▸ Assignment: The records below must be output exactly, with no images carried over.

━━━ Input

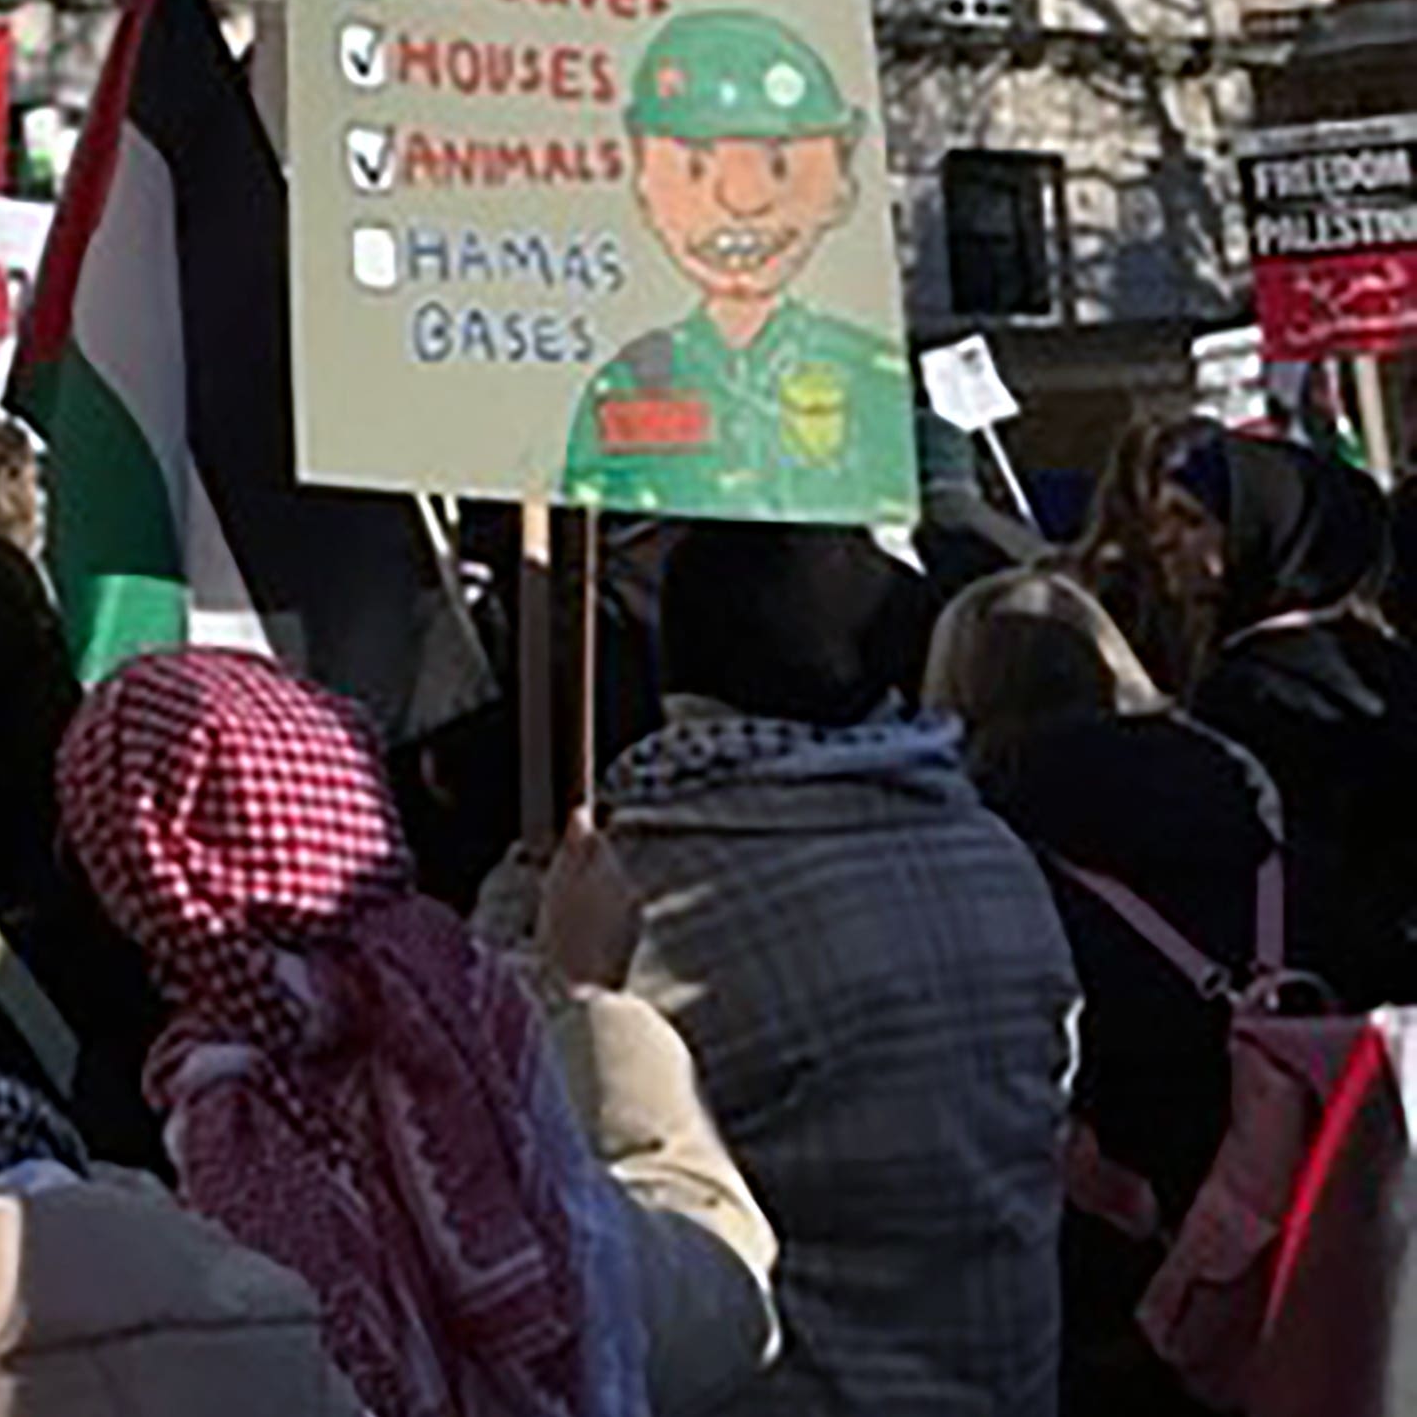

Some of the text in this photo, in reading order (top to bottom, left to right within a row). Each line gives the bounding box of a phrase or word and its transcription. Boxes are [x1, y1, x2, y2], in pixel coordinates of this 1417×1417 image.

[395, 34, 616, 103] HOUSES
[402, 132, 623, 186] ANIMALS
[407, 227, 624, 293] HAMAS
[413, 299, 596, 363] BASES
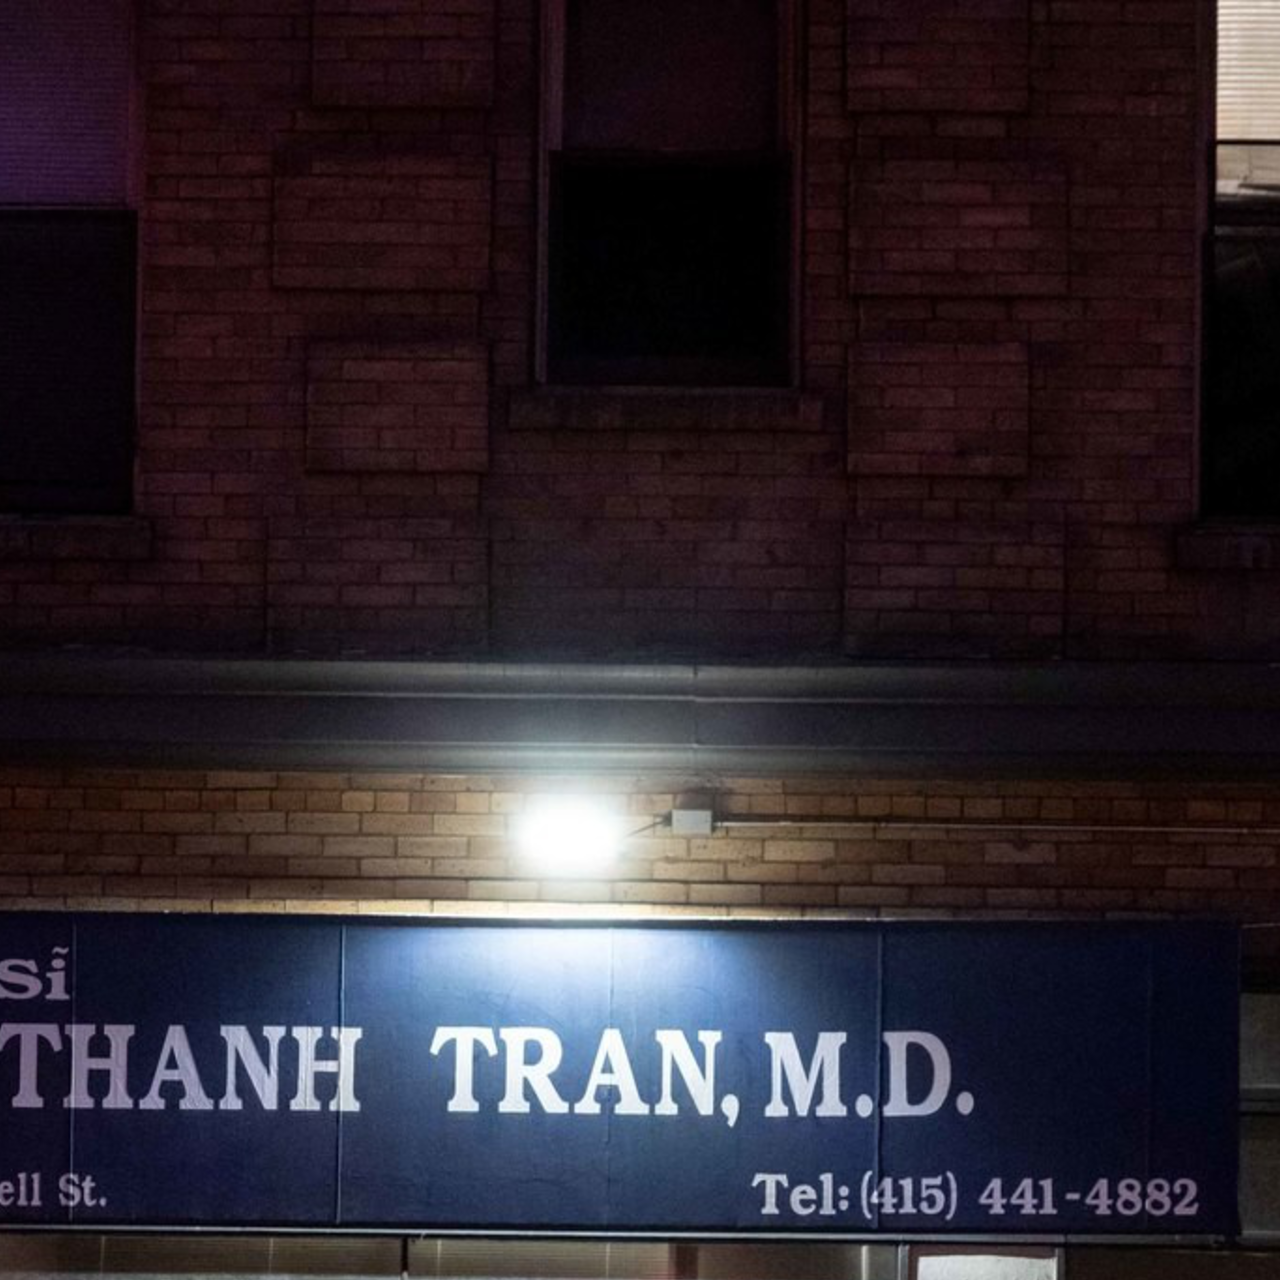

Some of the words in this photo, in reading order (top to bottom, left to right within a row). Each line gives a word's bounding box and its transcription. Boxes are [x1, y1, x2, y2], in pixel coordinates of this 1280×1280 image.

[429, 1025, 740, 1127] TRAN,
[763, 1030, 975, 1118] M.D.
[58, 1172, 108, 1208] St.
[751, 1172, 850, 1217] Tel:
[859, 1169, 958, 1221] (415)
[977, 1177, 1200, 1217] 441-4882
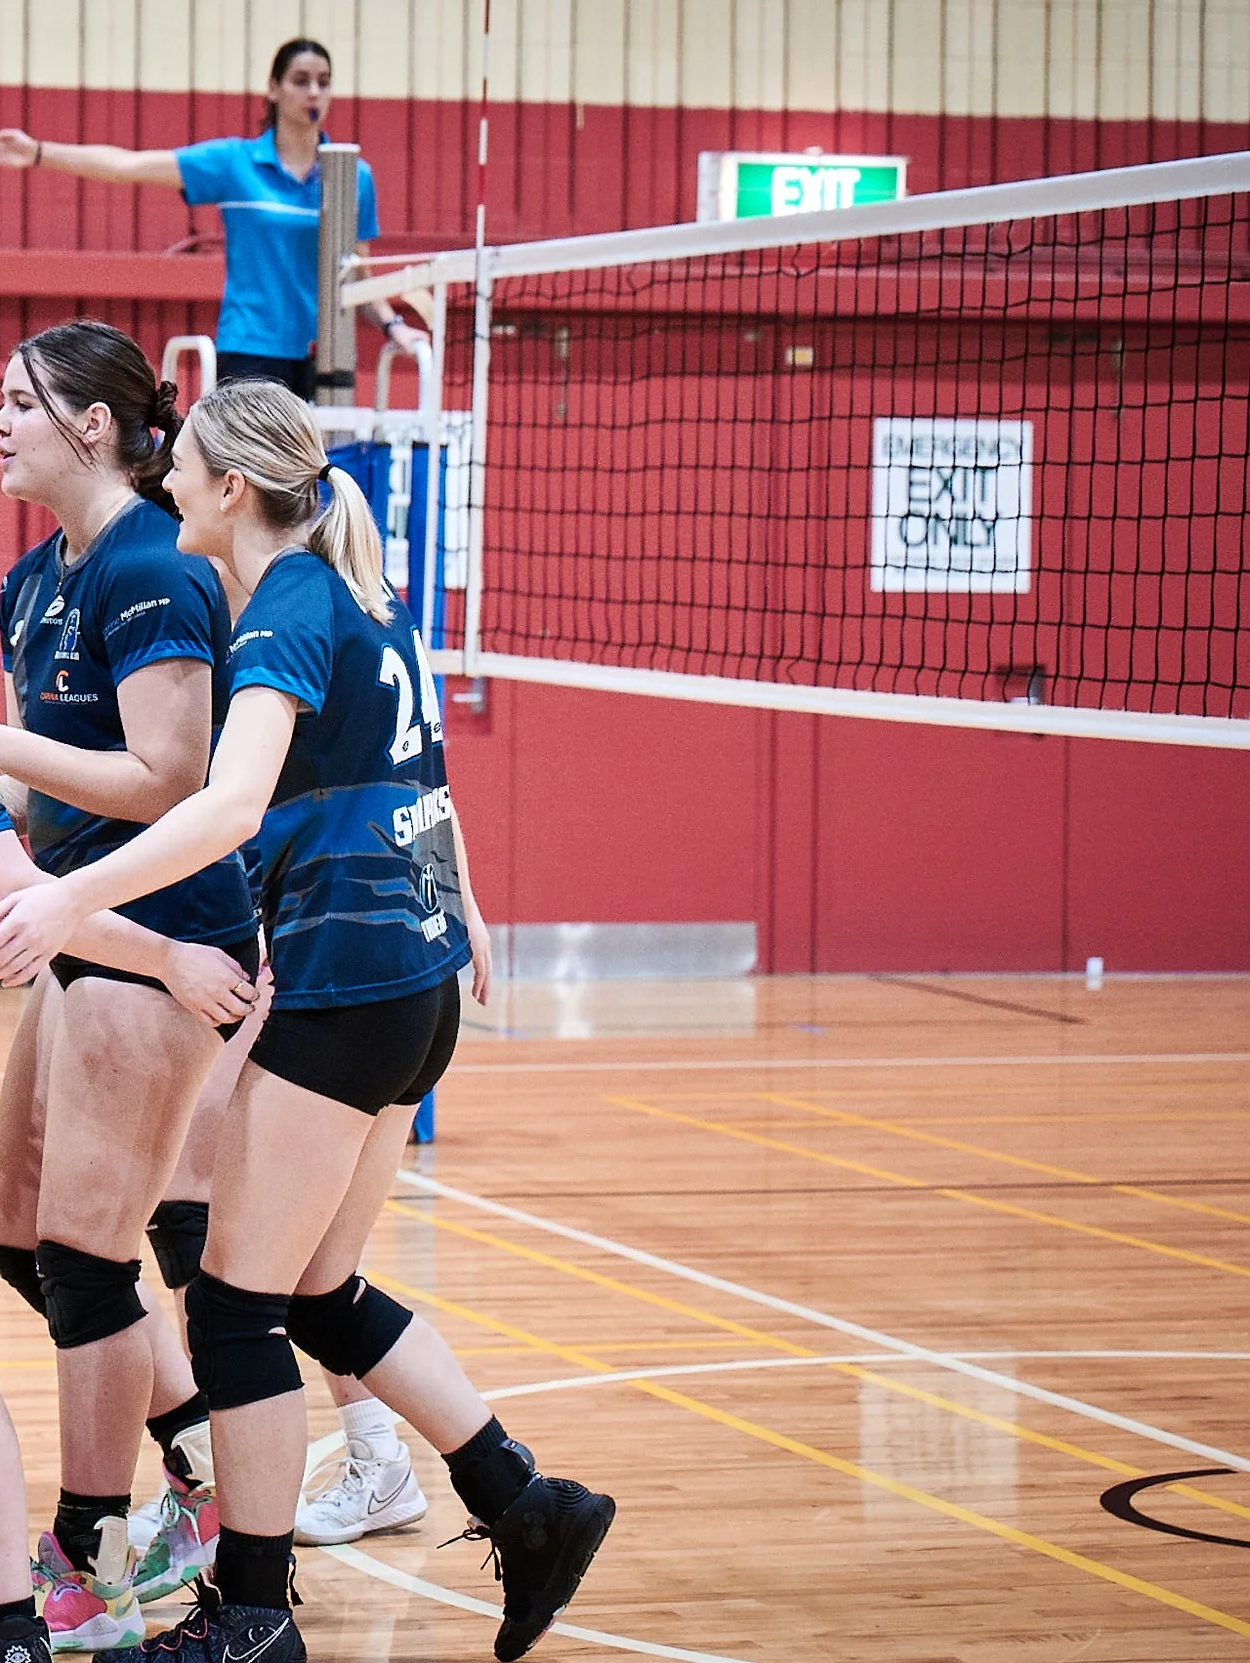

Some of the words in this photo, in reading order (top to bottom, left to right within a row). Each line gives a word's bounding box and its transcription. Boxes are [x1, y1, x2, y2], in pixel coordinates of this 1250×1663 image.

━━━━━━

▸ Answer box:
Some of the text in this photo, in reading order (top to bottom, left to right within a row). Each line gives the bounding box of a phrase or word and its transcription. Boxes are [x1, y1, x2, y2], in pixel coordinates of this 1417×1417 image.

[395, 34, 616, 103] HOUSES
[402, 132, 623, 186] ANIMALS
[407, 227, 624, 293] HAMAS
[413, 299, 596, 363] BASES

Some of the words in this photo, in reading order (top to bottom, left to right within a row). Each line gives a word's bounding box and its transcription. Boxes are [x1, y1, x2, y2], in pixel coordinates of this 1280×1280 image.

[429, 1025, 740, 1127] TRAN,
[763, 1030, 975, 1118] M.D.
[58, 1172, 108, 1208] St.
[751, 1172, 850, 1217] Tel:
[859, 1169, 958, 1221] (415)
[977, 1177, 1200, 1217] 441-4882

Some of the words in this photo, in reading order (top to bottom, left to right within a row). Each line gives a word's bounding box and its transcription. Boxes are [x1, y1, x2, y2], in pixel coordinates of this 1250×1663 image.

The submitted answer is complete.